### Supplied material
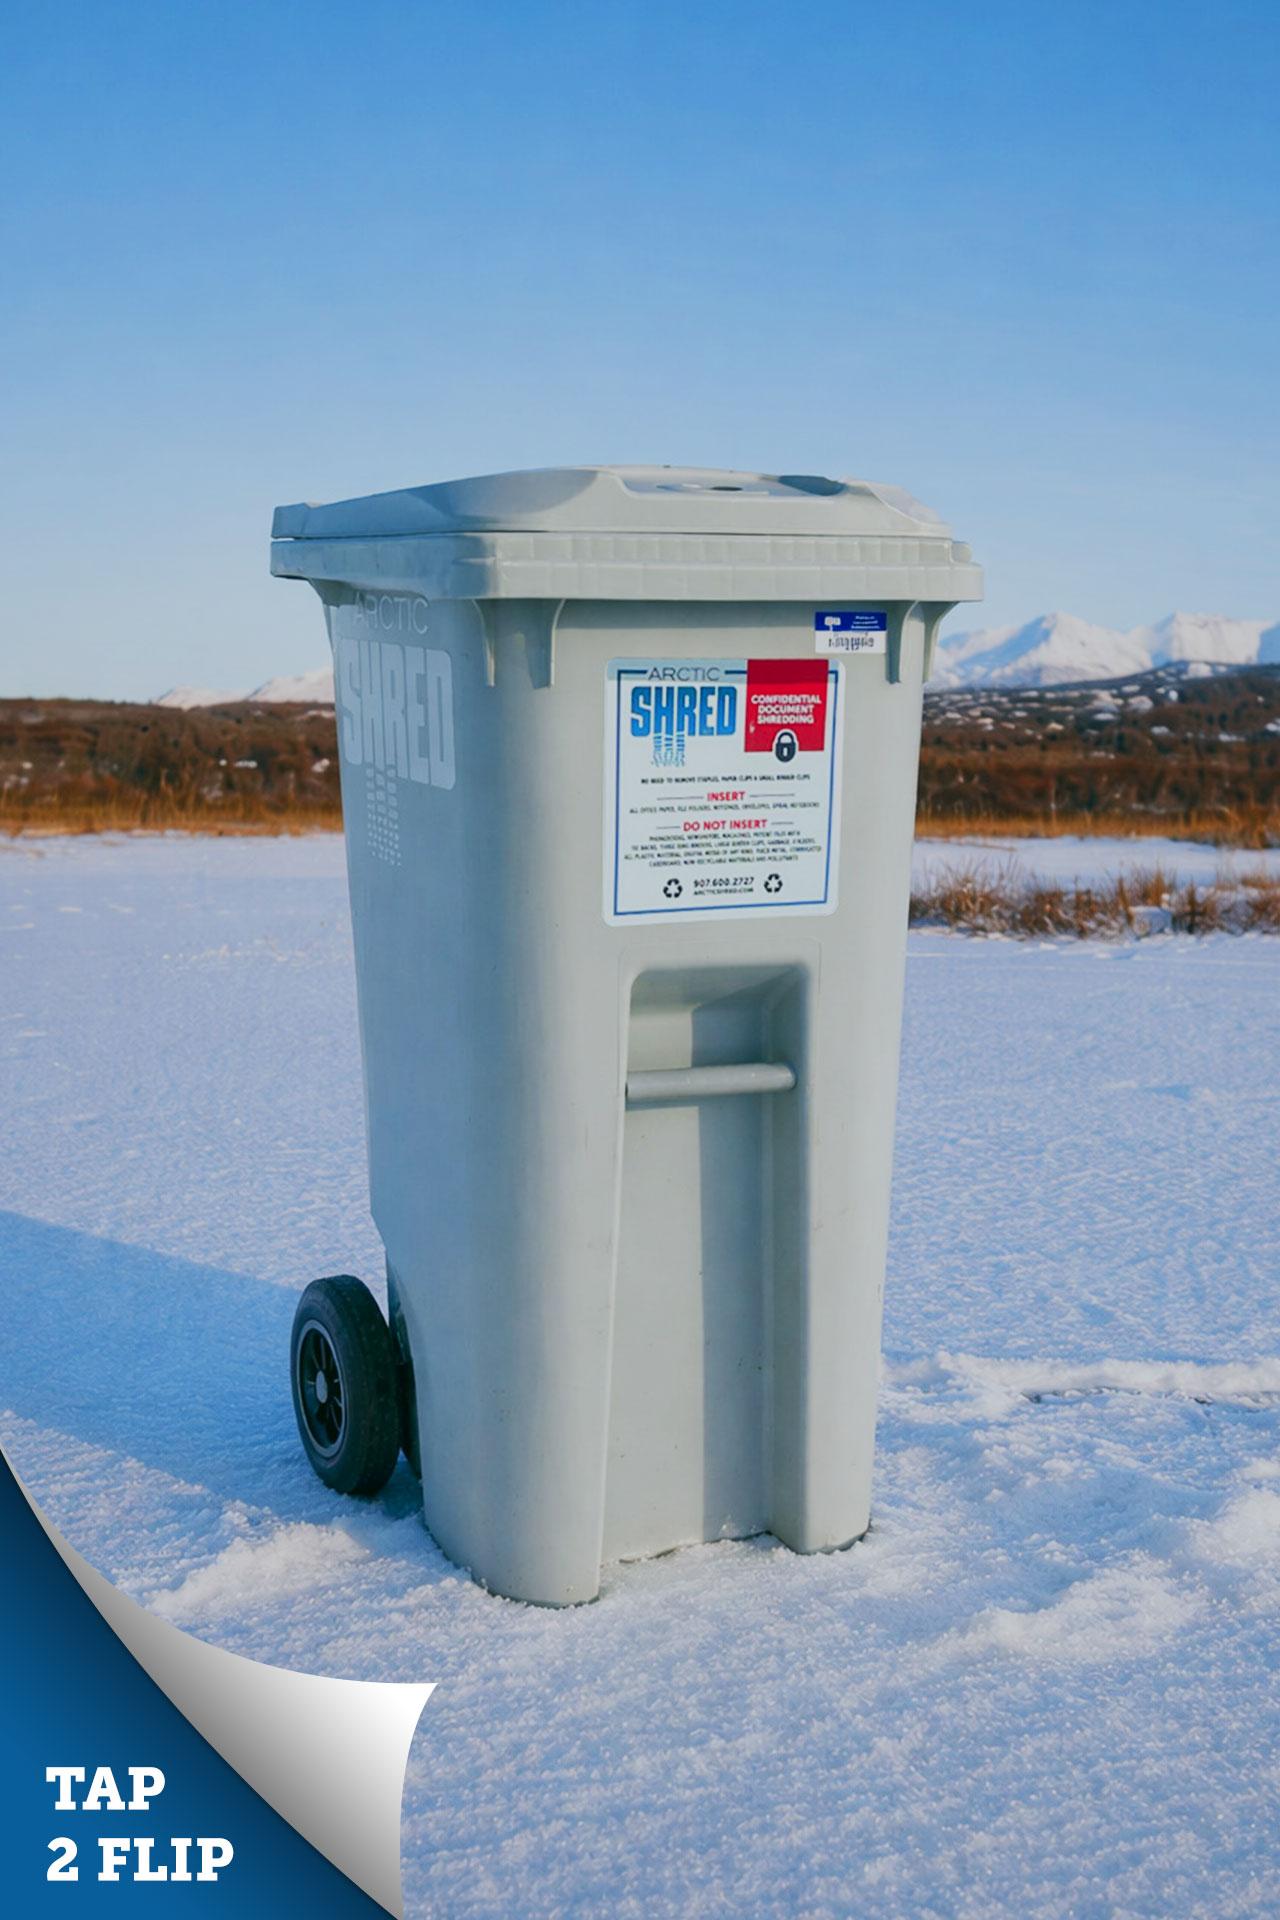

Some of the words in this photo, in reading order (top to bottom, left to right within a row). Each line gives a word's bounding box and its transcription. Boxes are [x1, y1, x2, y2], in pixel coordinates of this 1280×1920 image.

[353, 592, 430, 635] ARCTIC
[648, 667, 720, 681] ARCTIC
[750, 693, 822, 704] CONFIDENTIAL
[338, 637, 457, 791] SHRED
[630, 686, 737, 737] SHRED
[757, 703, 815, 714] DOCUMENT
[757, 714, 815, 725] SHREDDING
[706, 791, 746, 802] INSERT
[682, 821, 700, 832] DO
[703, 820, 726, 831] NOT
[729, 818, 768, 830] INSERT
[693, 876, 755, 888] 907.600.2727
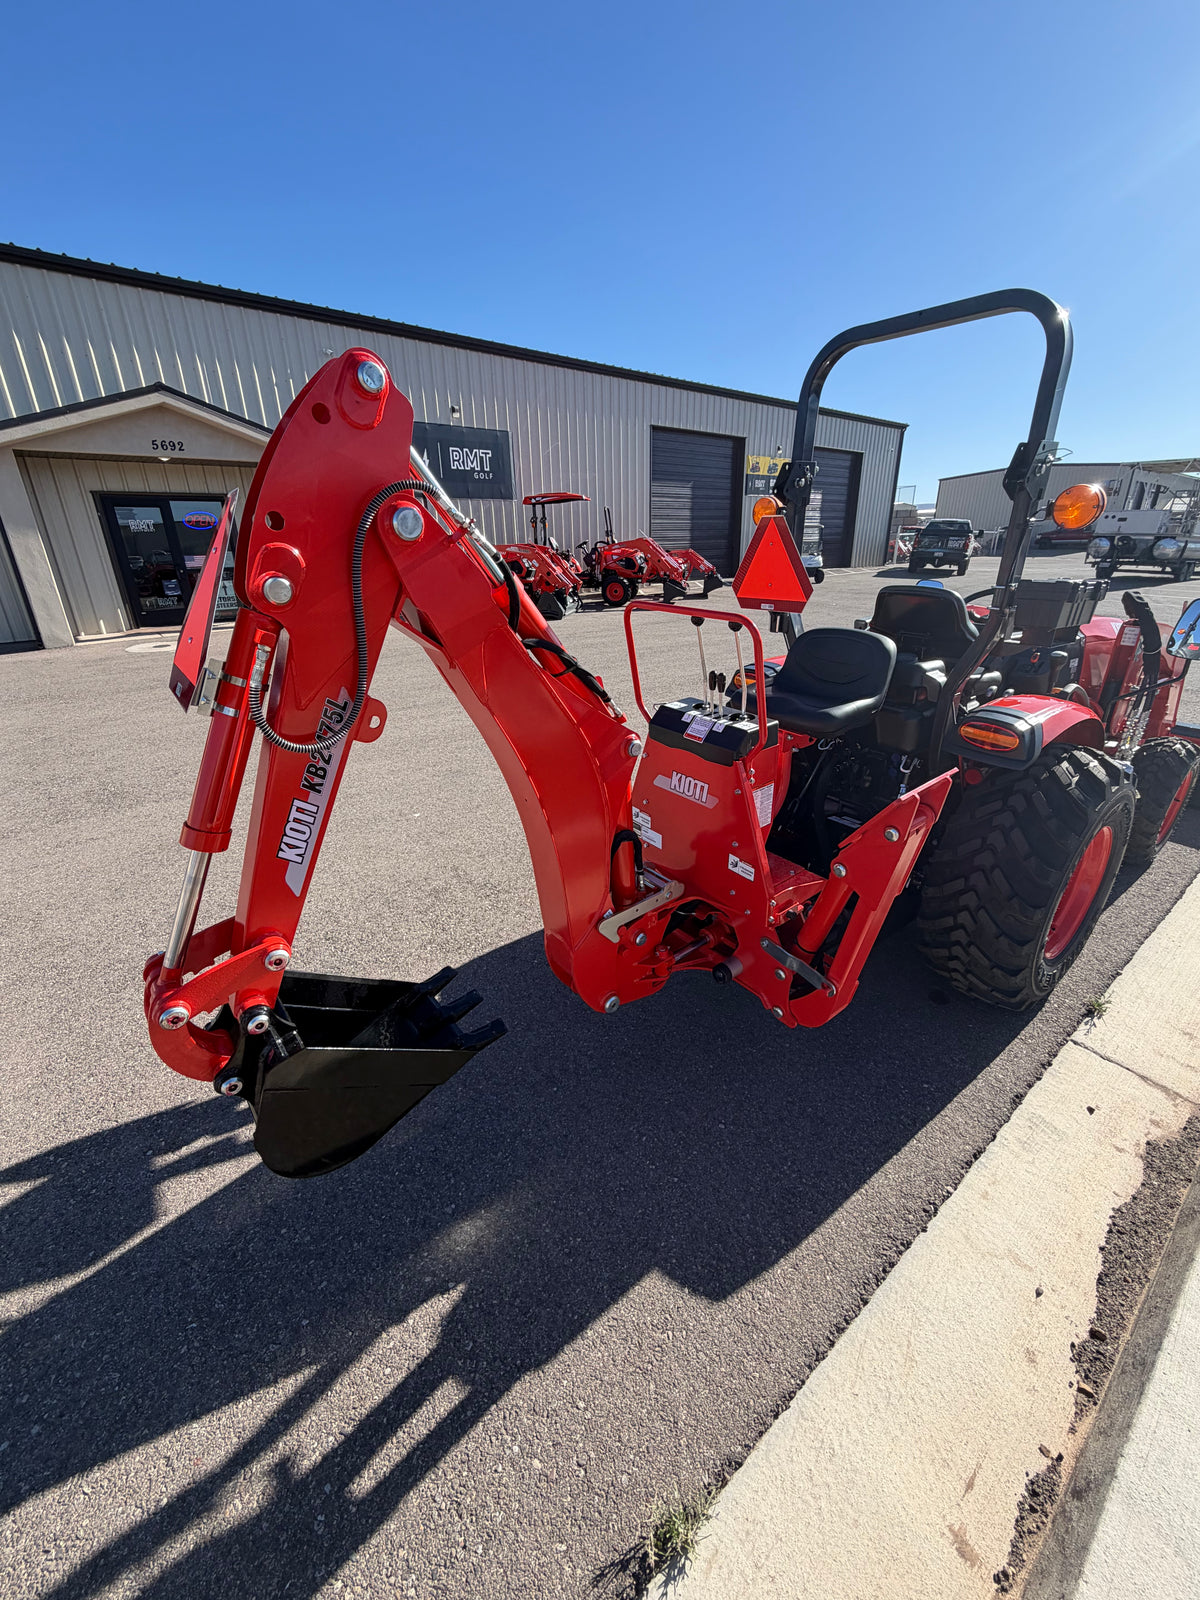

### Task statement
Produce a word-for-word version of the material, with no pictures included.

### Solution to this task
Some of the words in this photo, in reading order (top to bottom, left to right within a row). Each line gives a word's bounding box and its transcription. Boxes are [x1, y1, x2, y2], in pixel coordinates of this 1280×1920 image.

[353, 592, 430, 635] ARCTIC
[648, 667, 720, 681] ARCTIC
[750, 693, 822, 704] CONFIDENTIAL
[338, 637, 457, 791] SHRED
[630, 686, 737, 737] SHRED
[757, 703, 815, 714] DOCUMENT
[757, 714, 815, 725] SHREDDING
[706, 791, 746, 802] INSERT
[682, 821, 700, 832] DO
[703, 820, 726, 831] NOT
[729, 818, 768, 830] INSERT
[693, 876, 755, 888] 907.600.2727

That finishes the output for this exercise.